▶ What you should do
Every line below is to be copied exactly, with the pictures left out.

▶ Text-to-region grounding data
------------------------------------------------

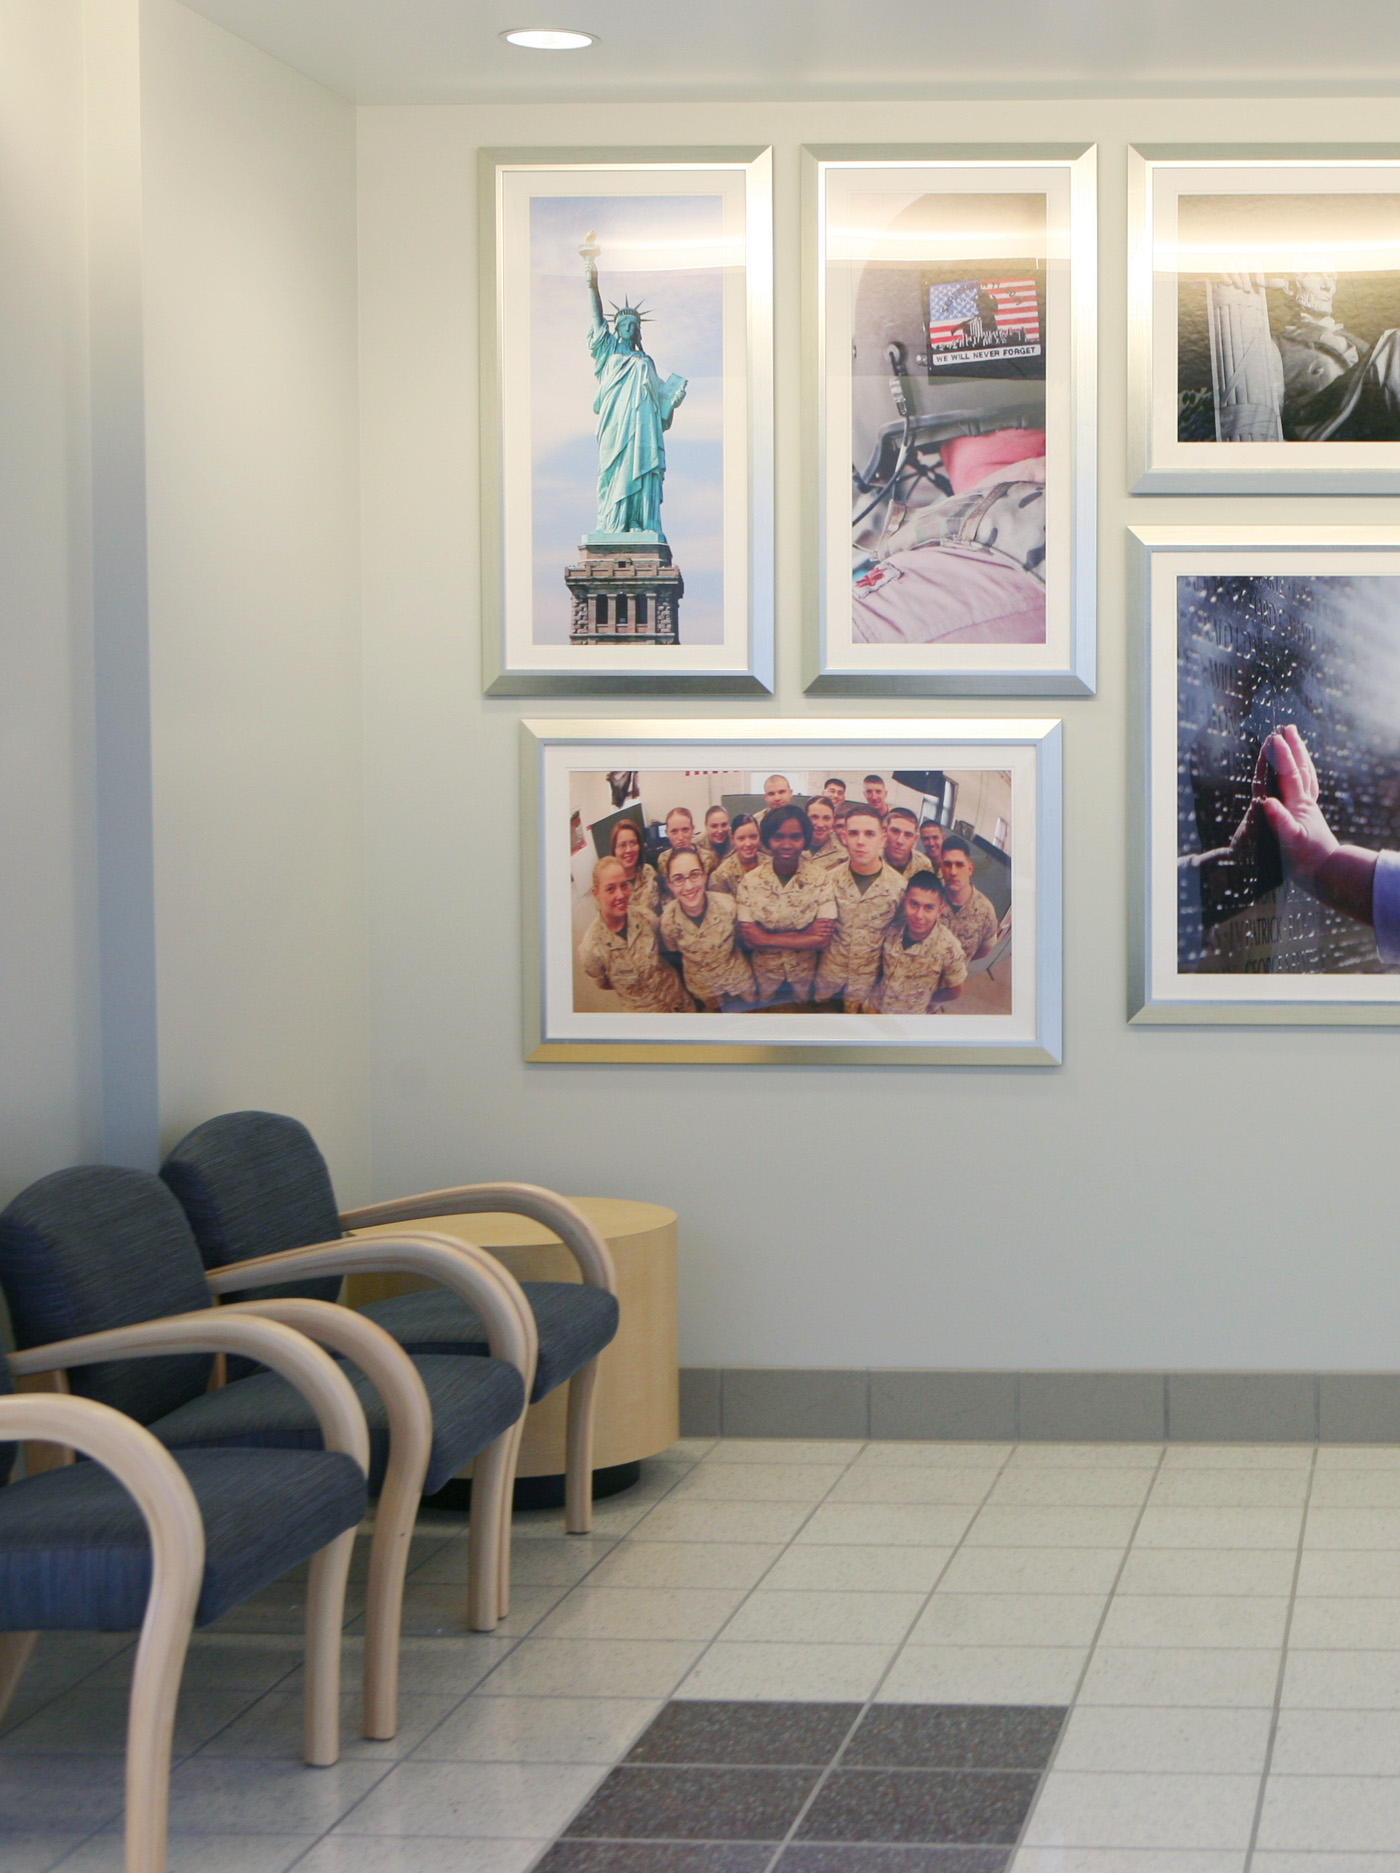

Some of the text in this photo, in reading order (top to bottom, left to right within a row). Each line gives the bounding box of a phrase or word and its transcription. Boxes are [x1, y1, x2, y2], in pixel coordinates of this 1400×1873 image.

[936, 346, 1036, 363] WE WILL NEVER FORGET
[1245, 914, 1282, 949] PATRICK
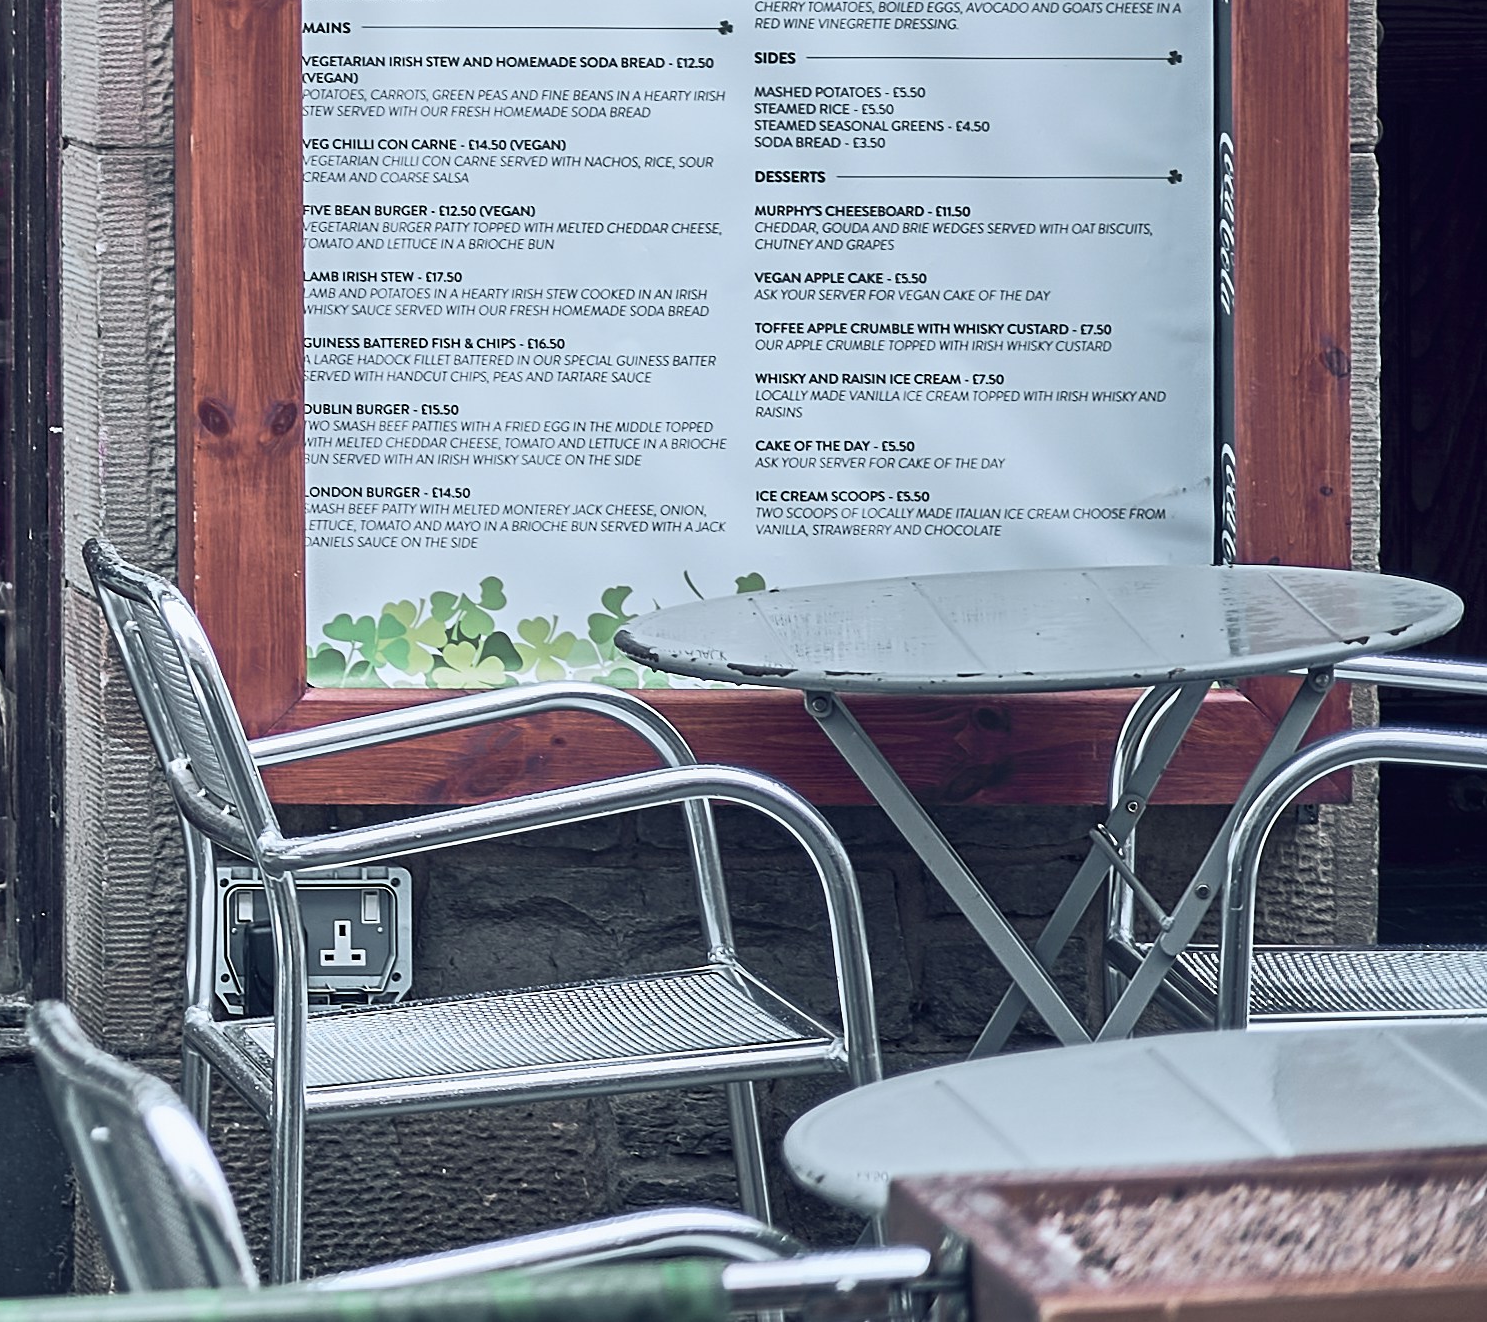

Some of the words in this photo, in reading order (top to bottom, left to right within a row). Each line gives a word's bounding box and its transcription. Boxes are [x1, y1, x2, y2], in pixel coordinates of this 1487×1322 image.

[302, 22, 352, 35] MAINS
[753, 51, 797, 65] SIDES
[754, 170, 827, 184] DESSERTS
[302, 204, 332, 217] FIVE
[334, 204, 371, 217] BEAN
[374, 204, 428, 217] BURGER
[438, 204, 477, 217] £12.50
[479, 205, 536, 218] (VEGAN)
[754, 204, 823, 217] MURPHY'S
[824, 205, 925, 218] CHEESEBOARD
[935, 205, 972, 218] £11.50
[755, 439, 792, 452] CAKE
[793, 440, 814, 452] OF
[814, 440, 841, 452] THE
[843, 440, 871, 452] DAY
[881, 440, 916, 453] £5.50
[755, 490, 778, 503] ICE
[779, 490, 829, 503] CREAM
[830, 490, 886, 503] SCOOPS
[896, 490, 931, 503] £5.50
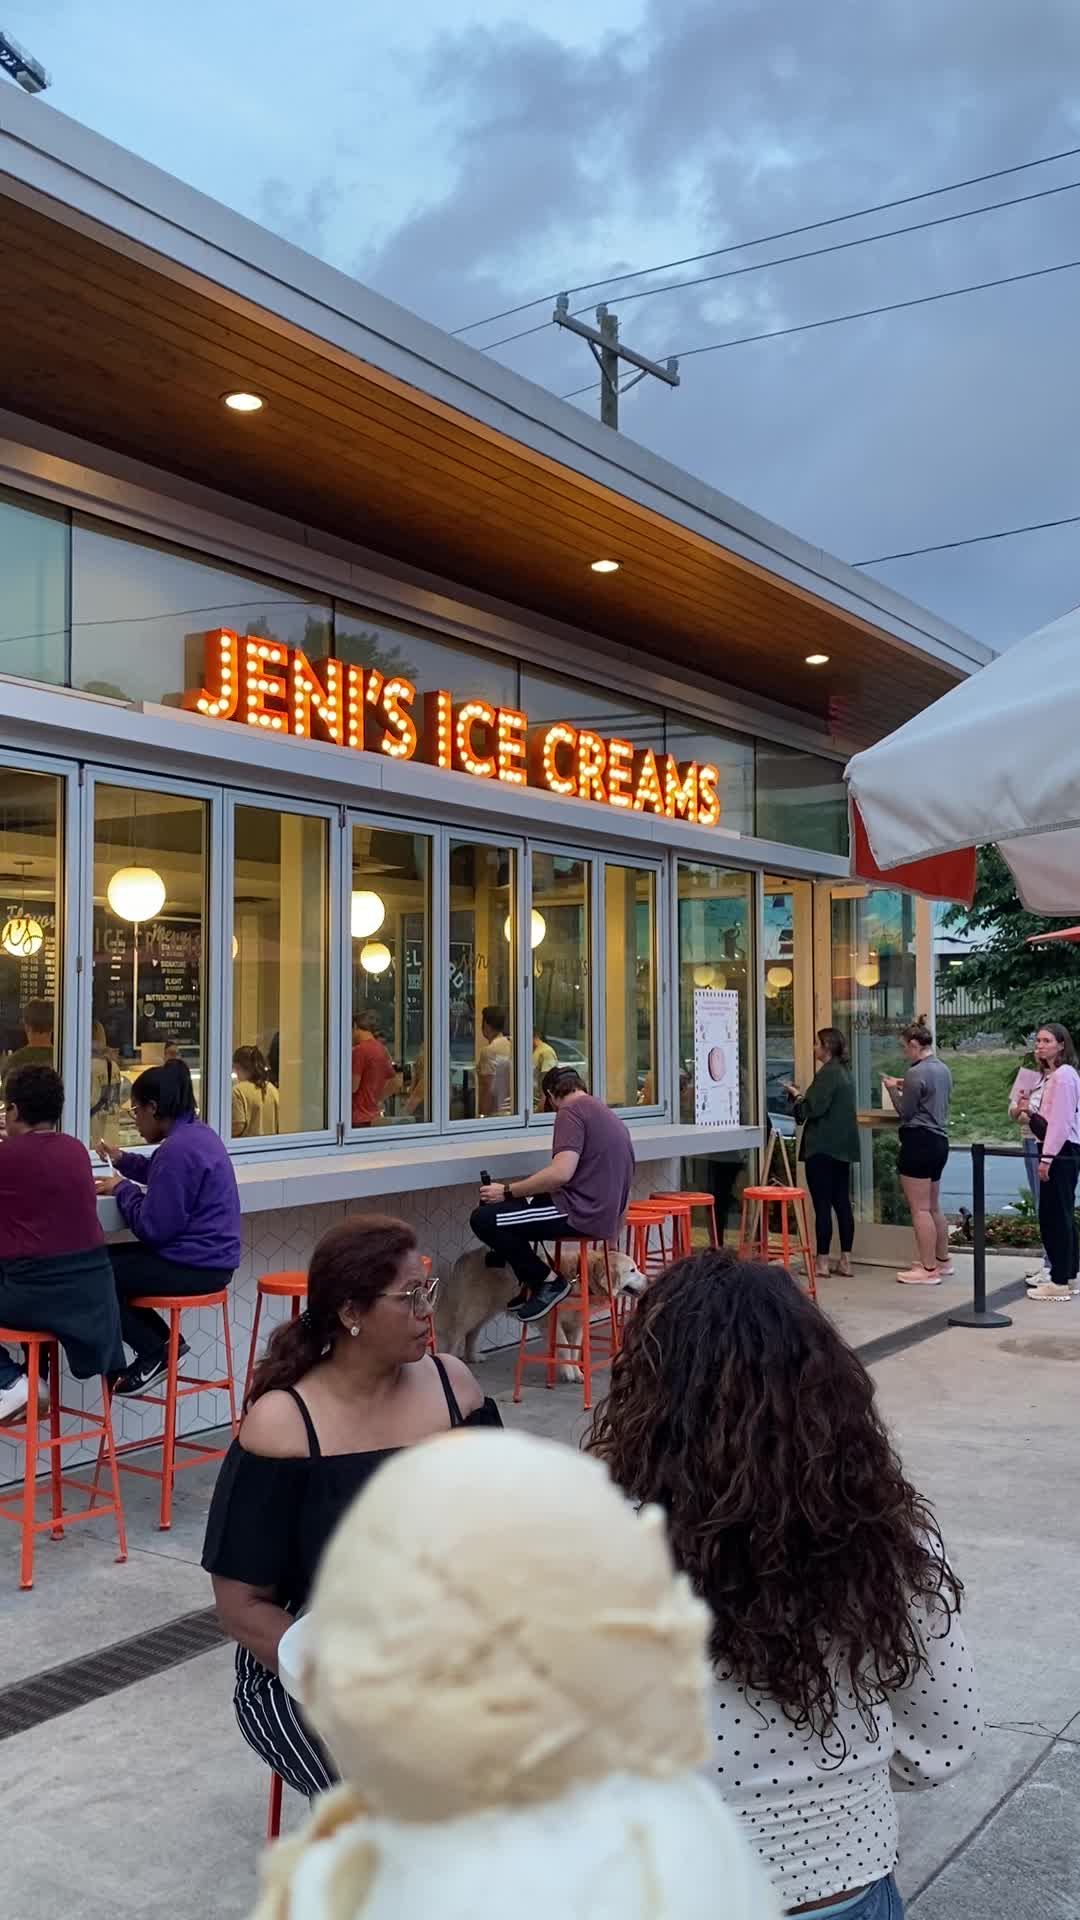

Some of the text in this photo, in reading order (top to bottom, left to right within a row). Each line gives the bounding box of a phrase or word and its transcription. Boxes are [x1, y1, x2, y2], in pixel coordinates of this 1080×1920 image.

[185, 628, 720, 827] JENI'S ICE CREAMS

------------------------------------------------

▶ Response
Some of the text in this photo, in reading order (top to bottom, left to right within a row). Each line gives the bounding box of a phrase or word and its transcription. Boxes are [x1, y1, x2, y2], in pixel coordinates of this 1400×1873 image.

[936, 346, 1036, 363] WE WILL NEVER FORGET
[1245, 914, 1282, 949] PATRICK

Some of the words in this photo, in reading order (top to bottom, left to right within a row). Each line gives a word's bounding box and its transcription. Boxes are [x1, y1, x2, y2], in pixel coordinates of this 1487×1322 image.

[302, 22, 352, 35] MAINS
[753, 51, 797, 65] SIDES
[754, 170, 827, 184] DESSERTS
[302, 204, 332, 217] FIVE
[334, 204, 371, 217] BEAN
[374, 204, 428, 217] BURGER
[438, 204, 477, 217] £12.50
[479, 205, 536, 218] (VEGAN)
[754, 204, 823, 217] MURPHY'S
[824, 205, 925, 218] CHEESEBOARD
[935, 205, 972, 218] £11.50
[755, 439, 792, 452] CAKE
[793, 440, 814, 452] OF
[814, 440, 841, 452] THE
[843, 440, 871, 452] DAY
[881, 440, 916, 453] £5.50
[755, 490, 778, 503] ICE
[779, 490, 829, 503] CREAM
[830, 490, 886, 503] SCOOPS
[896, 490, 931, 503] £5.50

Some of the text in this photo, in reading order (top to bottom, left to right within a row). Each line gives the bounding box of a phrase or word and its transcription. Boxes are [x1, y1, x2, y2], in pixel coordinates of this 1080×1920 image.

[185, 628, 720, 827] JENI'S ICE CREAMS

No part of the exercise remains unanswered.